I was recently on the website of the Canadian Security Intelligence Service.  In the FAQ's section it states that CSIS agents don't carry firearms.  Could someone enlighten me, why on earth in this age of ever more fanatical and dangerous terrorists (like those plotting to behead the PM or blow up transatlantic flights) don't CSIS agents carry firearms? ???


----------



## big bad john (21 Aug 2006)

Because they are civil servants, and not Peace Officers.  Short answer.


----------



## Infanteer (21 Aug 2006)

I think they are heavier into analysis and investigation and less into jumping out of plains in tuxedos.  Better learn more about our intelligence organizations.


----------



## Quag (21 Aug 2006)

Because look at their job descriptions.  They are not an armed force, or provide direct defence.  They gather the intelligence necessary to protect Canada (amongst other things they do).


----------



## Retired AF Guy (21 Aug 2006)

This is likely an adaptation of British policy where MI-5http://en.wikipedia.org/wiki/MI-5 (UK agency responsible for internal security and the equivalent to CSIS) has no powers of arrest nor do they carry firearms.

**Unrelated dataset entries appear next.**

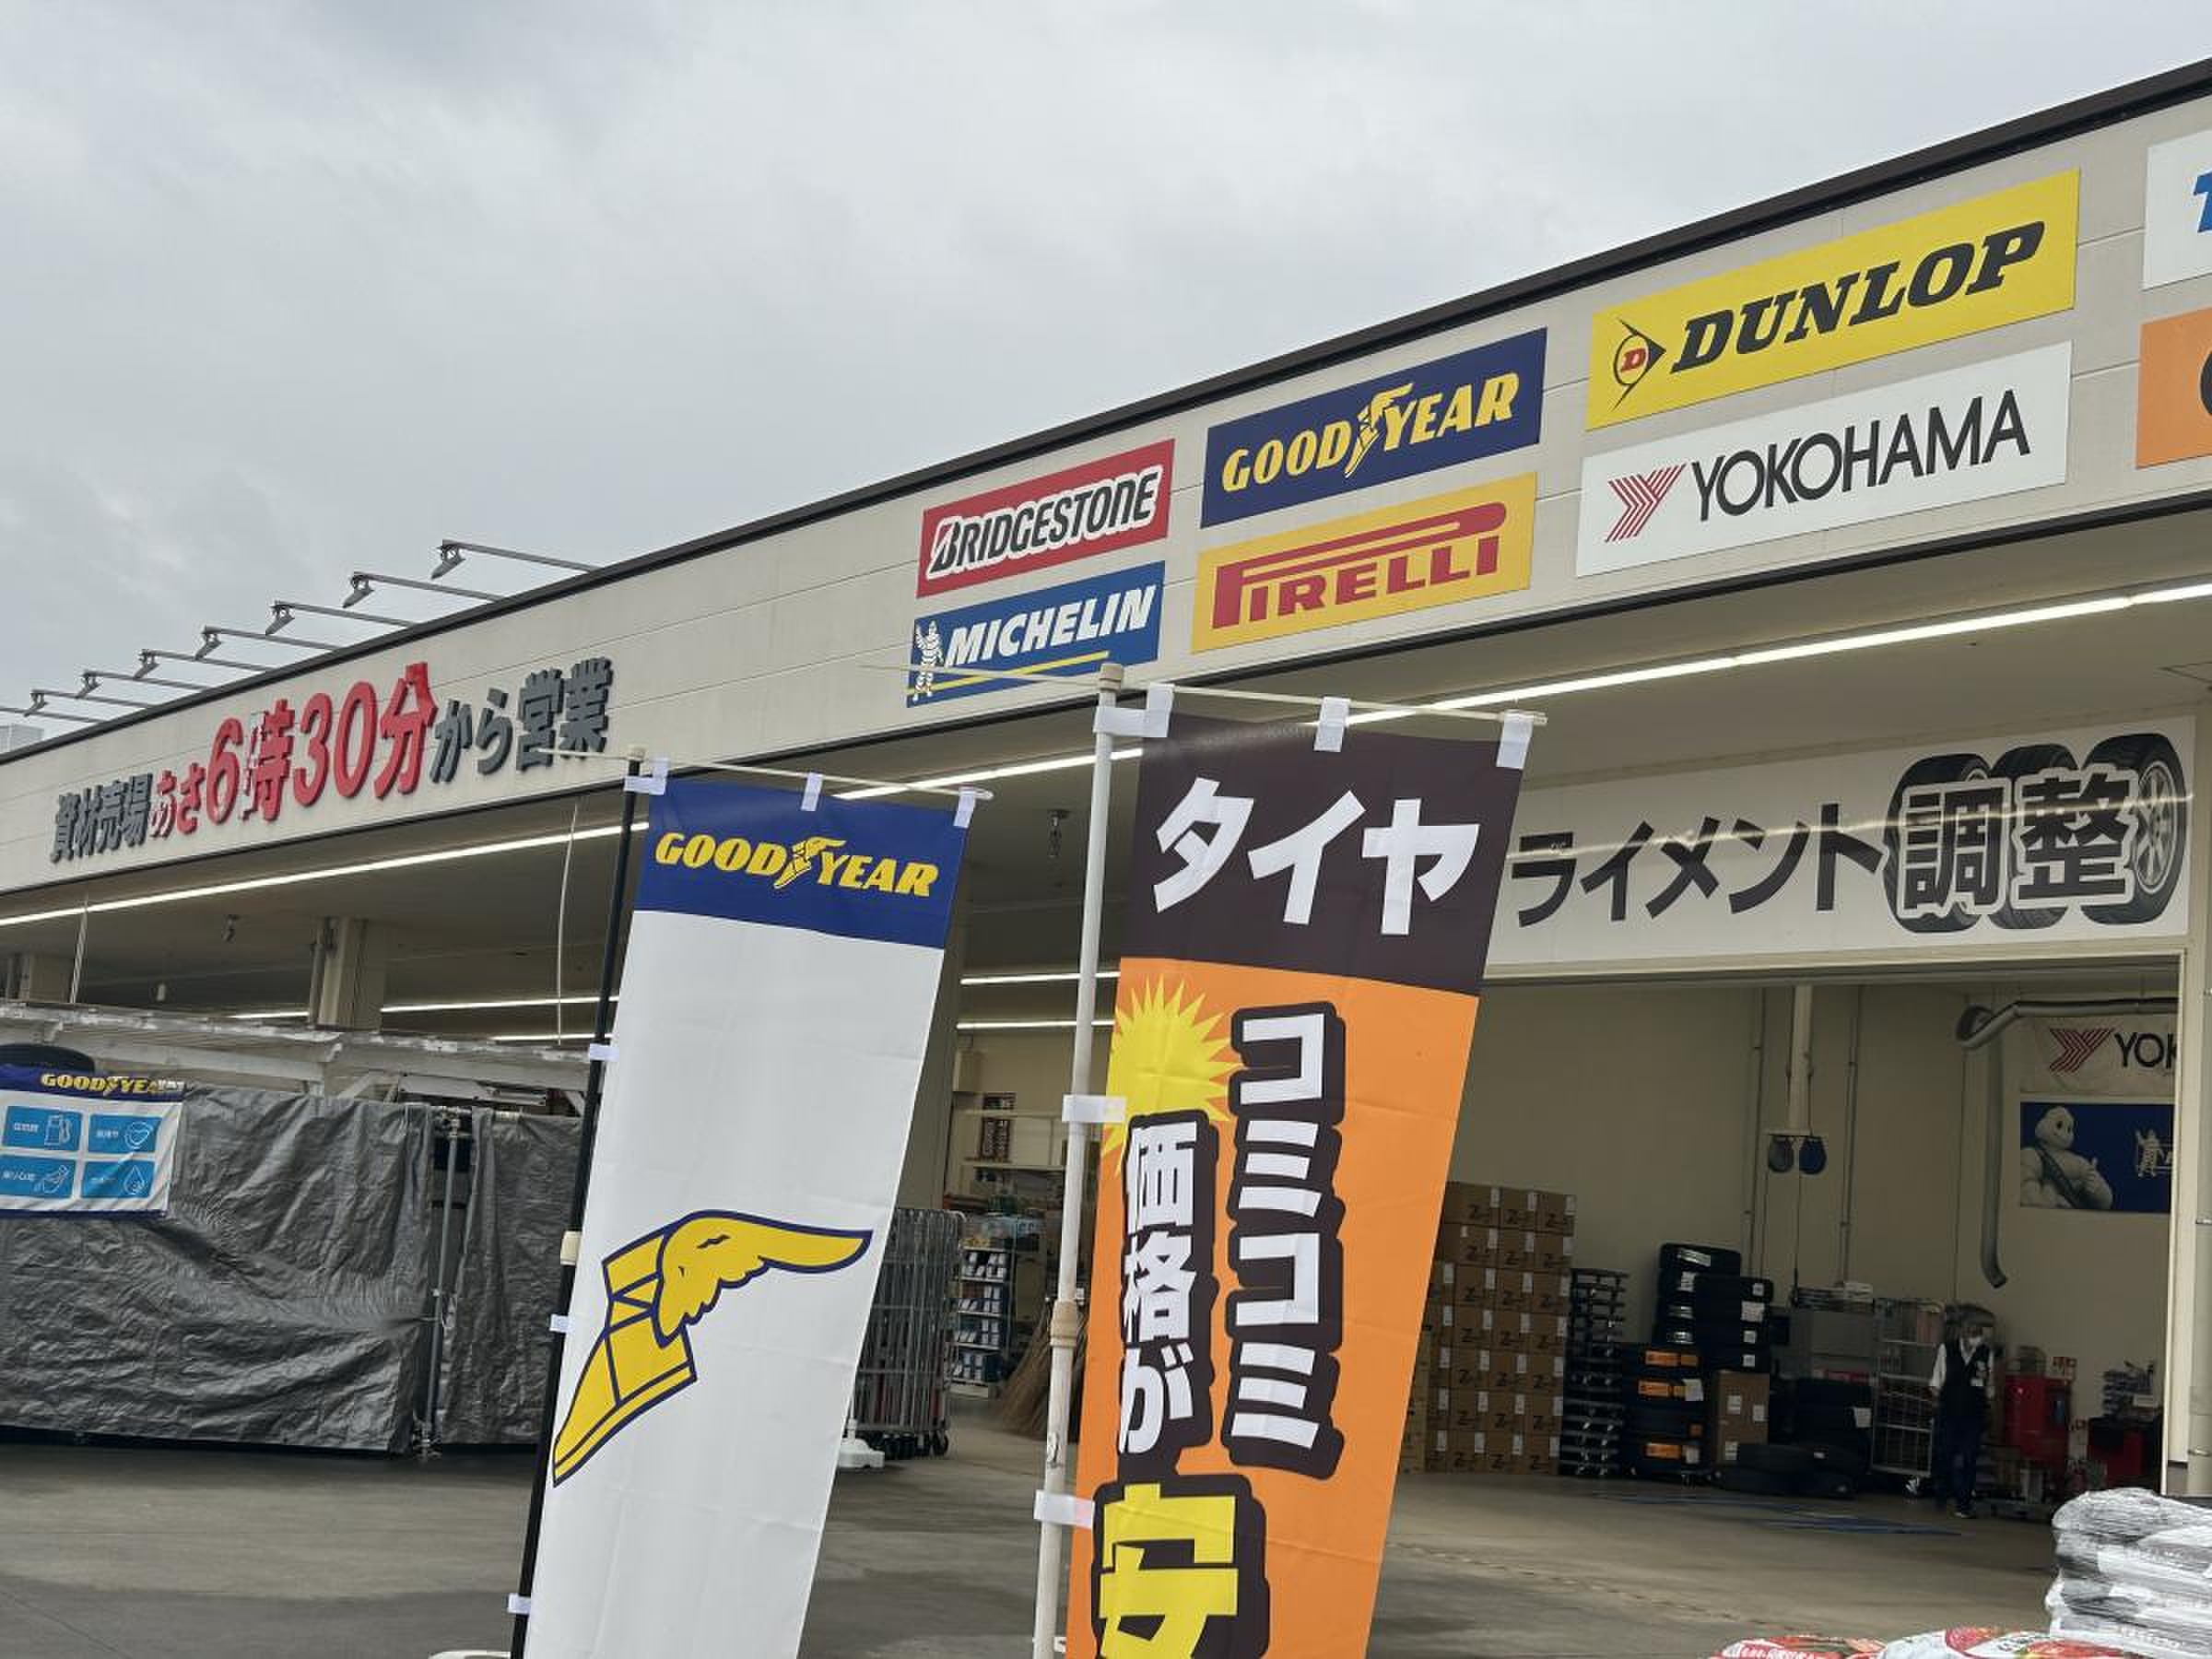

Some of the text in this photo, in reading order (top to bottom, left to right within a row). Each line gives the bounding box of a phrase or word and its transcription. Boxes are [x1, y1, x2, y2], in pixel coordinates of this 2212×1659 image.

[1670, 220, 2045, 372] DUNLOP
[1221, 372, 1520, 492] GOODYEAR
[1691, 389, 2031, 522] YOKOHAMA
[927, 468, 1161, 576] BRIDGESTONE
[1212, 502, 1506, 629] PIRELLI
[944, 584, 1157, 667] MICHELIN
[655, 832, 939, 898] GOODYEAR
[1153, 777, 1480, 935] タイヤ
[1231, 1013, 1325, 1449] コミコミ

When they want to arrest someone they call in the Special Branch http://en.wikipedia.org/wiki/Special_Branch. Canada adopted a similar policy when CSIS was created; if CSIS wants to arrest someone, they call in the Horseman.


----------



## aesop081 (22 Aug 2006)

Infanteer said:
			
		

> I think they are heavier into analysis and investigation and less into jumping out of *plains* in tuxedos.  Better learn more about our intelligence organizations.





i think those french lessons are ruining your english my friend............

"jumping out of PLANES"


----------



## apostle (22 Aug 2006)

Thanks for the info guys, cheers!


----------